We needed a study for this?!? (Score:5, Insightful)
Please tell me no one is surprised by the general conclusion (haven't we been here a time or ten before?) of these studies. Add to this the corporate or government attitude demonstrated so equivalently here [xkcd.com], the lack of effective computer security training, including a complete failing of organizations to have or heaven forbid enforce policies about password practices and you've got a pretty pickle.
Sadly, it took the recent Adobe compromise, to get me to finally start using a password wallet and use different passwords for each Internet service I use. Have to admit I was stunned, by the number of accounts I had when I got through most of the sites I access.
After hearing a few disturbing stories from my wife, about how computer security and passwords are treated at her place of work, I stepped up my training for her and her co-workers that will listen. Based on what I've heard from her the choice of poor passwords is the least of our troubles.
Unless the underlying problem of poor culture surrounding computer security is changed and an understanding of the associated risks is cultivated, it won't matter one whip whether users can choose "Good Passwords TM".
Re:We needed a study for this?!? (Score:4, Insightful)
complete failing of organizations to have or heaven forbid enforce policies about password practices
Most of the time the problem is the opposite. Absurd policies and a delusion of the password being important to the user. And lately, the retarded concept of the security questions that the user cannot choose (or can choose from a set or around the same 10 in every site).
For like 95% of the sites I don't give a shit if my account if hacked. I use the same password for most of those sites (if they are too retarded with requirements I might add a few 0s or #s at the end). If you make me change the password even if once a year then I'm not going back to your site because I don't care much about it in the first place. So I'll forget the new password.

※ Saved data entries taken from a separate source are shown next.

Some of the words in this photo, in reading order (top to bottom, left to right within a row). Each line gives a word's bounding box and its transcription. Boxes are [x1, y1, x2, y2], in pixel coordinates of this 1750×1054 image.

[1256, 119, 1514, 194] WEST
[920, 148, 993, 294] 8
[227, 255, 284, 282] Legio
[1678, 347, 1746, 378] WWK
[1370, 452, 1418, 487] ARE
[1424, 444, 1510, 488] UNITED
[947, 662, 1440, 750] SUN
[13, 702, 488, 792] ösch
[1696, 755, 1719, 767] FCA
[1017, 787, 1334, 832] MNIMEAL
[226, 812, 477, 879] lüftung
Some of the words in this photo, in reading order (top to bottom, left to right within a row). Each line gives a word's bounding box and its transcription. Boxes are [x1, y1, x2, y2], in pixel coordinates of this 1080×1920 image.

-Passwords on sticky notes on monitors.
-Passwords shared with co-workers, that have not been granted access.
System does not require default password to be changed.
None of these are user problems. They are system design problems which I can translate to this:
- They make me change the password every 90 days, so I have to write it down.

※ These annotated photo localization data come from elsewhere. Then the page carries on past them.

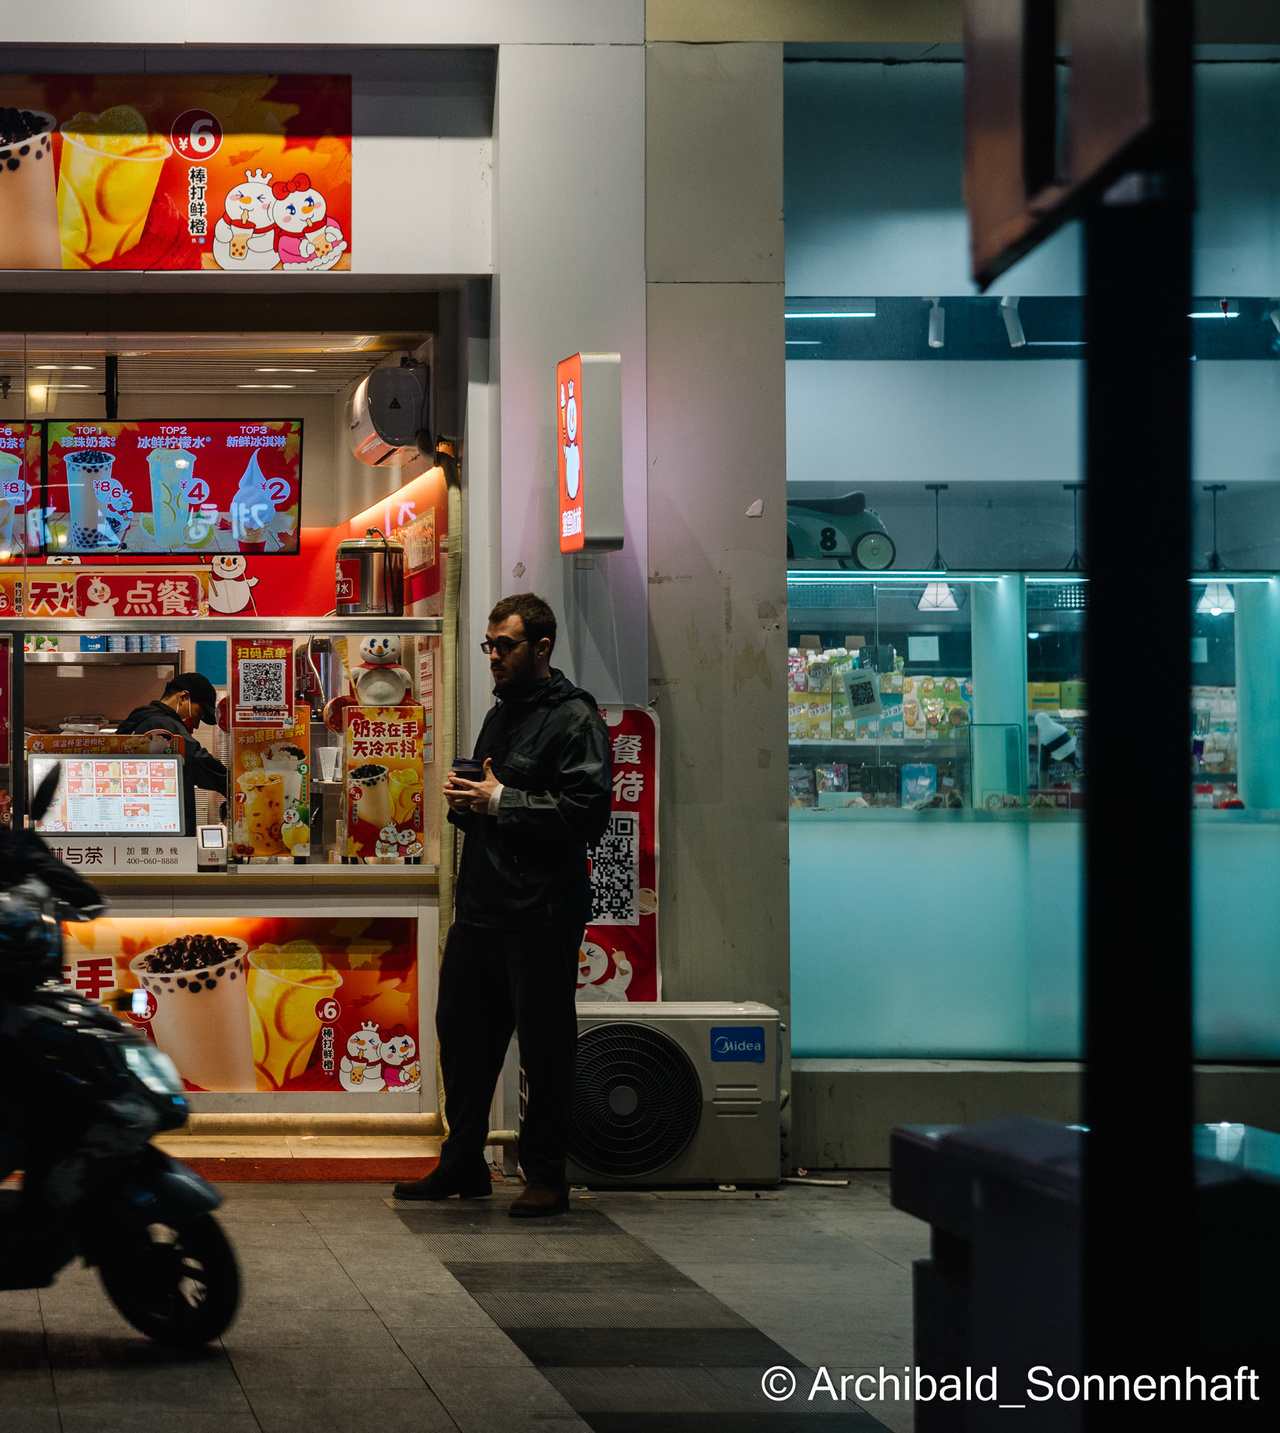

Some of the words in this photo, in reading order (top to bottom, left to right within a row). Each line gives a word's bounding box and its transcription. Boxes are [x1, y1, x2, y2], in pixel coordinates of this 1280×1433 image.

[189, 167, 206, 235] 棒打鲜橙
[76, 426, 102, 435] TOP1
[159, 426, 187, 435] TOP2
[240, 425, 268, 434] TOP3
[60, 436, 111, 448] 珍珠奶茶
[137, 436, 205, 449] 冰鲜柠檬水
[226, 435, 287, 448] 新鲜冰淇淋
[820, 526, 837, 551] 8
[123, 579, 191, 615] 点餐
[237, 647, 287, 659] 扫码点单
[352, 719, 418, 738] 奶茶在手
[352, 739, 418, 758] 天冷不抖
[322, 1027, 334, 1070] 棒打鲜橙
[718, 1038, 761, 1052] Midea

- Danny needs to access credit card information because it's part of his job to do refunds but they won't give him access because for some reason that also means they have to give him access to XXX (they have one permission for two things) so I have to type my password at his terminal 10 a day. I cannot be interrupted that much, or I might not be around, etc, so I just let him use my password.
- My sysadmin uses the same default password for everyone.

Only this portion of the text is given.